La recentissima presentazione di Tesla Model 3, la “compatta” elettrica destinata a segnare un nuovo capitolo nella ancora giovane storia del marchio californiano, ha dato il via a un “new deal” che si propone l’obiettivo di 500 mila esemplari da produrre all’anno entro il 2018.

L’ambiziosa strategia, che conferma quanto indicato lo scorso 1 aprile in occasione della première di Model 3, indica chiaramente – secondo Elon Musk, il numero uno dell’azienda di Palo Alto – la volontà di fare della nuovissima compatta a zero emissioni il “modello chiave” per creare l’auto elettrica di massa.

L’obiettivo di produrre 500 mila vetture all’anno, secondo il fondatore di Tesla, costituirà, in un’ottica a brevissimo termine, uno dei punti cardine per lo sviluppo di un nuovo settore automotive a livello mondiale, che finora vede fra i modelli a zero emissioni l’affermarsi della nuova generazione ad autonomia estesa: Chevrolet Bolt, Opel e-Ampera, la aggiornata Nissan Leaf con batteria più potente e, in una prospettiva all’immediato futuro, una rinnovata Bmw i3 anch’essa da dotare di batteria maggiorata per offire più percorrenza utile con una singola ricarica.

La concorrenza dunque c’è; tuttavia, Elon Musk punta sul ruolo che Tesla Model 3 potrà giocare nel segmento delle compatte elettriche “extended range”: il nuovo modello della factory californiana, che in Italia vedremo nei primi mesi del 2018, è stato sviluppato sulla scorta dell’esperienza maturata con la Roadster prima, e successivamente con la berlina “premium” Model S e con la nuova SUV Model X, che si prepara al debutto nel nostro Paese. Per Tesla Model 3, Elon Musk indica che sarà “La migliore auto del mondo per 35.000 dollari”.

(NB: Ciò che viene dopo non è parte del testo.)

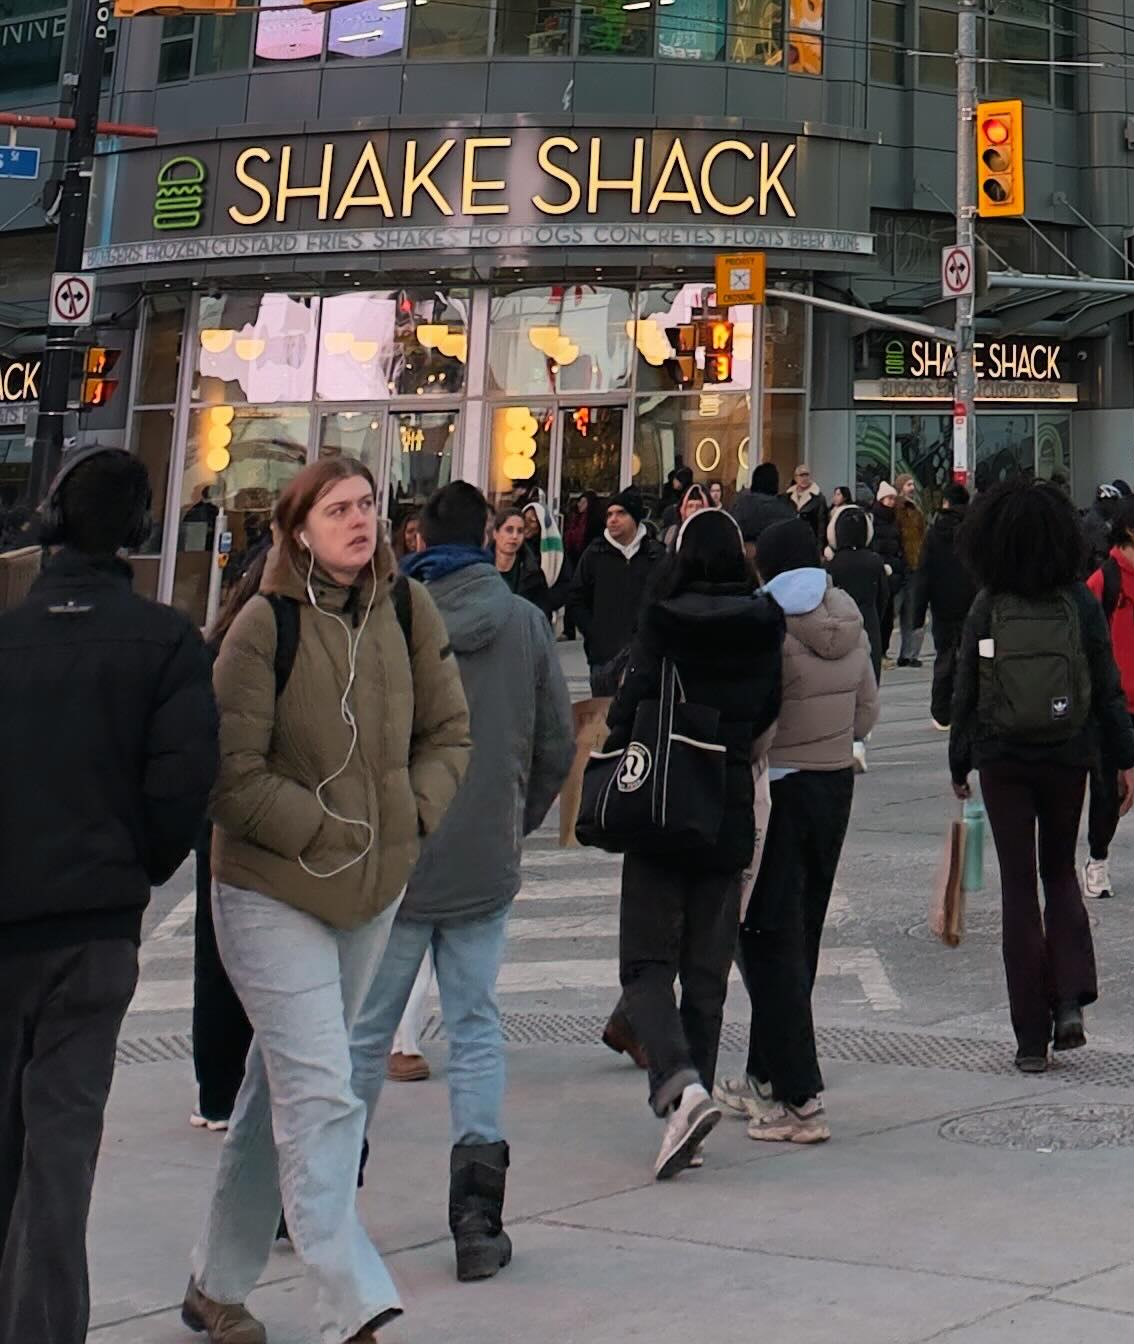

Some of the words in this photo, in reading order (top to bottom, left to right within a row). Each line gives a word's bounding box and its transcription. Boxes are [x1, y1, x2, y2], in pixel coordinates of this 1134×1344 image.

[228, 137, 513, 225] SHAKE
[531, 136, 797, 219] SHACK
[210, 233, 299, 257] CUSTARD
[306, 229, 363, 251] FRIES
[373, 227, 462, 250] SHAKES
[520, 225, 583, 245] DOGS
[593, 224, 717, 245] CONCRETES
[722, 226, 785, 246] FLOATS
[788, 230, 827, 249] BEER
[910, 340, 985, 378] SHAE
[989, 343, 1062, 379] SHACK

Nasce da qui l’obiettivo di “quota 500 mila all’anno”: gran parte della produzione sarà, secondo i piani alti di Tesla, affidata proprio a Model 3, una vettura che, se le strategie prefissate da Elon Musk dovessero trovare una reale conferma “sul campo”, potrebbe essere protagonista di una “seconda rivoluzione automotive”, paragonabile all’avvio della motorizzazione di massa avviato dopo il 1908 da Henry Ford con la leggendaria Model T, i principali artefici del primo importante capitolo industriale e sociale nella storia moderna dell’automobile.

Attualmente, le ordinazioni per Tesla Model 3 supererebbero le 400.000 unità: un numero decisamente positivo per la factory di Palo Alto che, nei primi quattro mesi del 2016, ha fatto registrare un totale di 15.510 autoveicoli venduti (precisamente: 12.851 Model S e 2.659 Model X): e un numero leggermente inferiore in confronto ai 16.000 che Tesla aveva preventivato.

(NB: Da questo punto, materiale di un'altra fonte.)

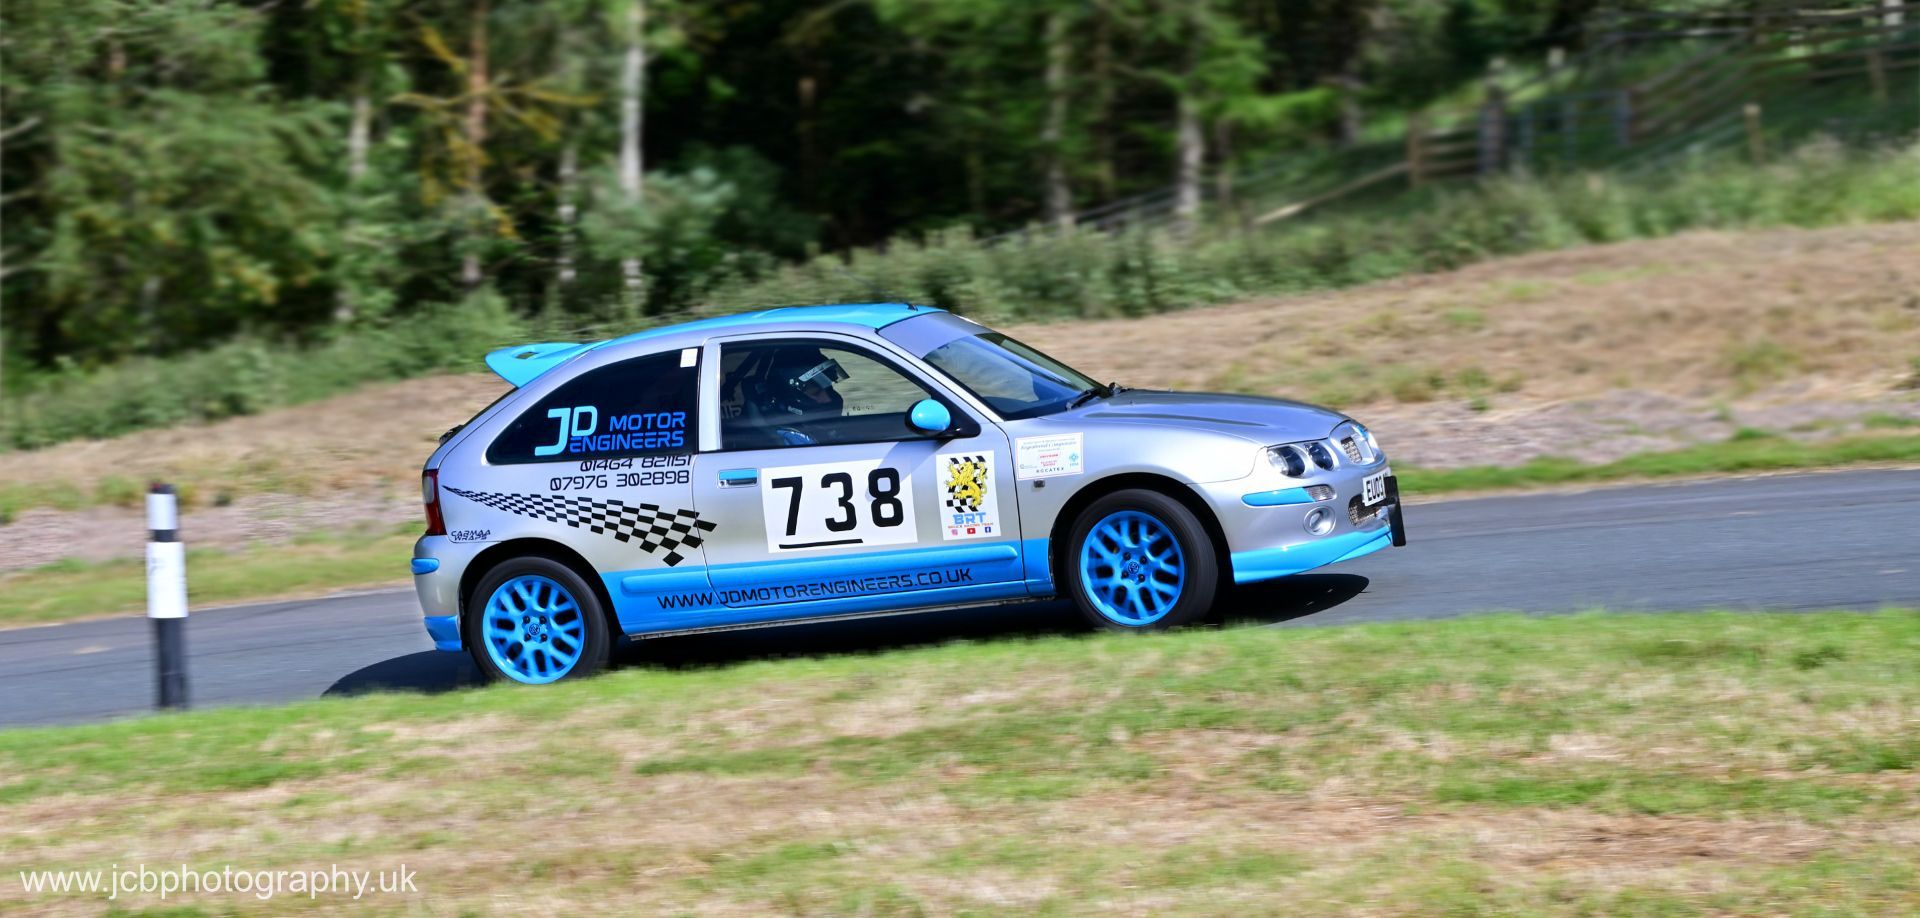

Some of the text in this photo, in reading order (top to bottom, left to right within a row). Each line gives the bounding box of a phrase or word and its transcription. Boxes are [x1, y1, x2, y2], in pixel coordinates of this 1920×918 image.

[535, 405, 598, 456] JD
[609, 411, 686, 432] MOTOR
[569, 430, 685, 453] ENGINEERS
[550, 470, 690, 491] 07976 302898
[771, 467, 904, 536] 738
[952, 512, 986, 524] BRT
[657, 568, 973, 609] WWW.JDMOTORENGINEERS.CO.UK
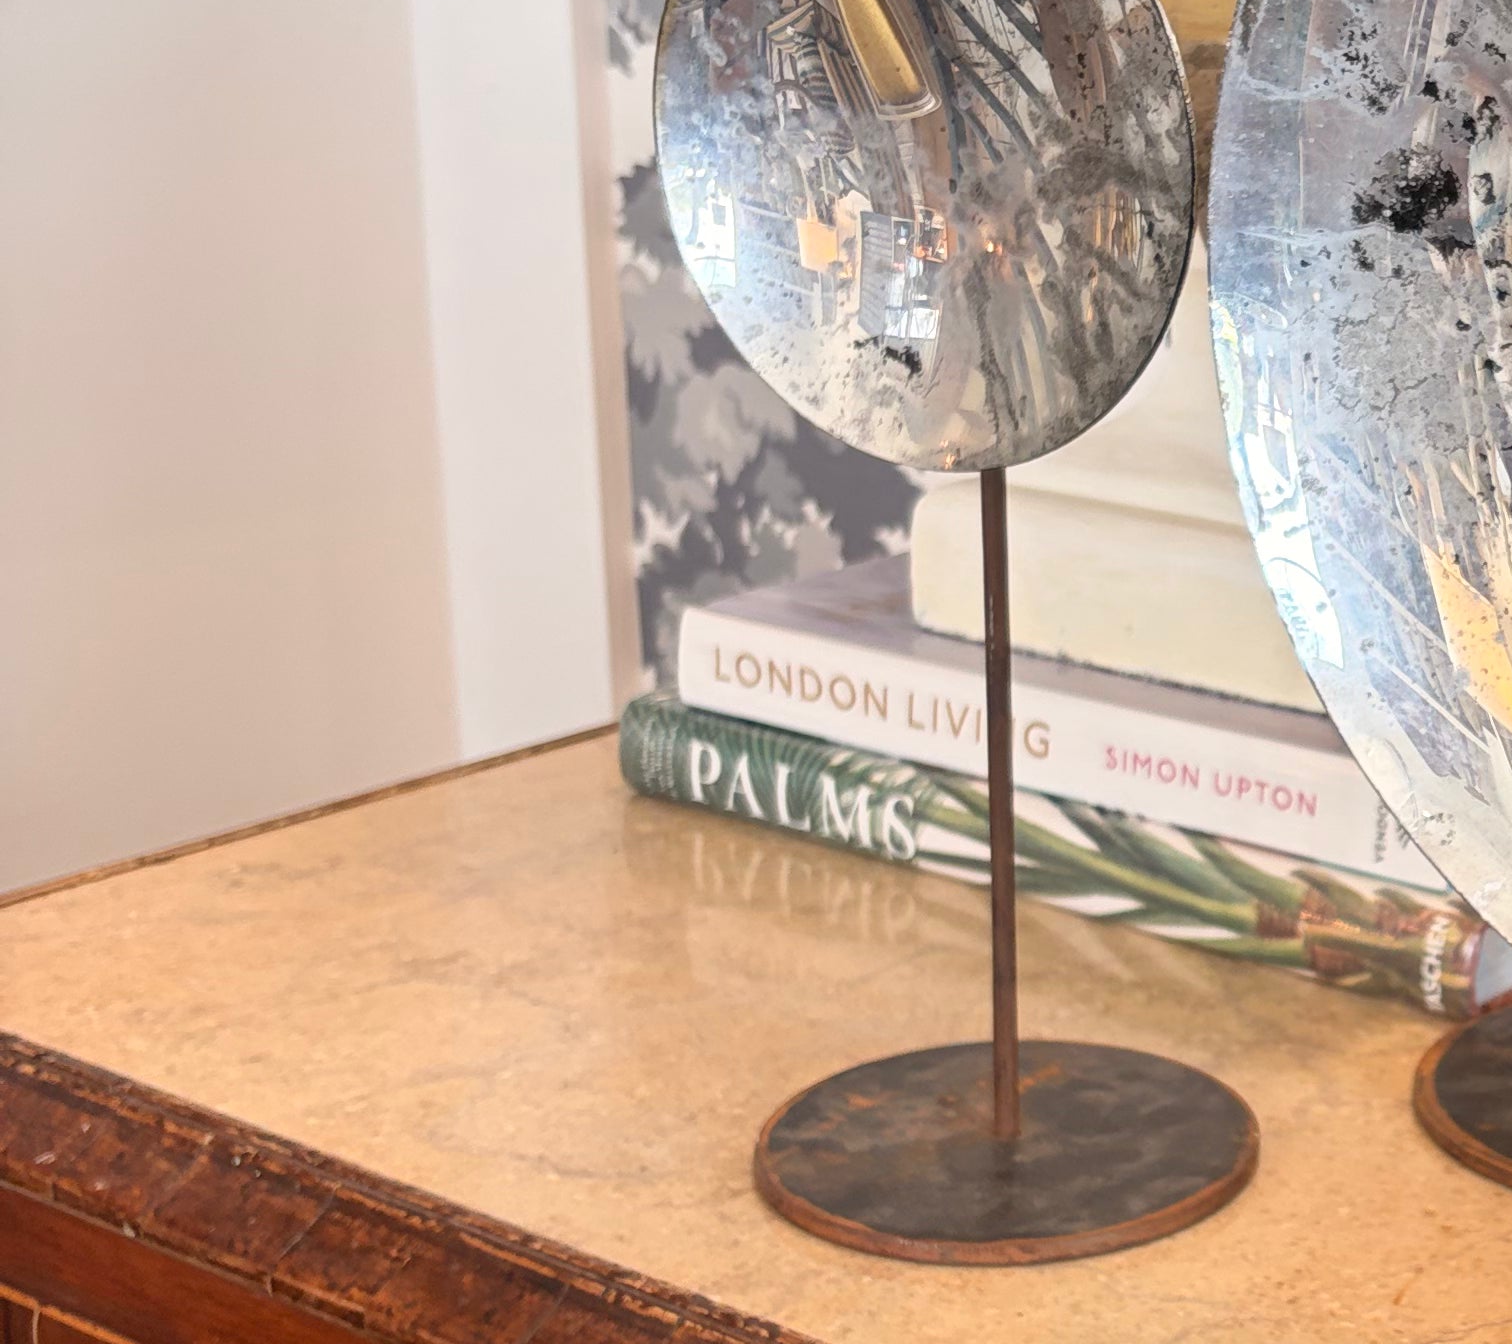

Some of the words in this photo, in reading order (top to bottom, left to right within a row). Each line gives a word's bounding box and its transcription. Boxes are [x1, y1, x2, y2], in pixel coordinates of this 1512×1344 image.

[714, 644, 889, 722] LONDON
[907, 691, 1051, 759] LIVIG
[688, 737, 917, 861] PALMS
[1105, 746, 1200, 790] SIMON
[1213, 771, 1318, 818] UPTON
[1419, 915, 1450, 1012] ASCHEN

Strettamente collegato con la riuscita dell’obiettivo di 500.000 veicoli da produrre ogni anno nel 2018 è lo stato di avanzamento dei lavori di completamento della Gigafactory, lo stabilimento del Nevada che Tesla costruisce in partnership con Panasonic. Il nuovo complesso dovrebbe essere completato entro fine 2016; nello stesso tempo Fremont, cioè lo stabilimento principale di Tesla, aumenterebbe i ritmi di produzione ad oltre 100.000 unità all’anno.

Nel frattempo Tesla prosegue con una massiccia campagna di promozione per i propri modelli: il riferimento va, in questo caso, alla realizzazione delle necessarie infrastrutture per la ricarica delle vetture. Nei primi tre mesi di quest’anno Tesla ha segnato la consegna di 2.500 “Powerwall” e 100 “Powerpack” (gli accumulatori ad uso domestico e aziendale che si avvalgono della rete elettrica), nonché l’inaugurazione di 29 “Supercharger” e 311 “Destination Charging“, cioè gli “hub” di ricarica che vengono collocati in prossimità delle aree commerciali convenzionate con Tesla.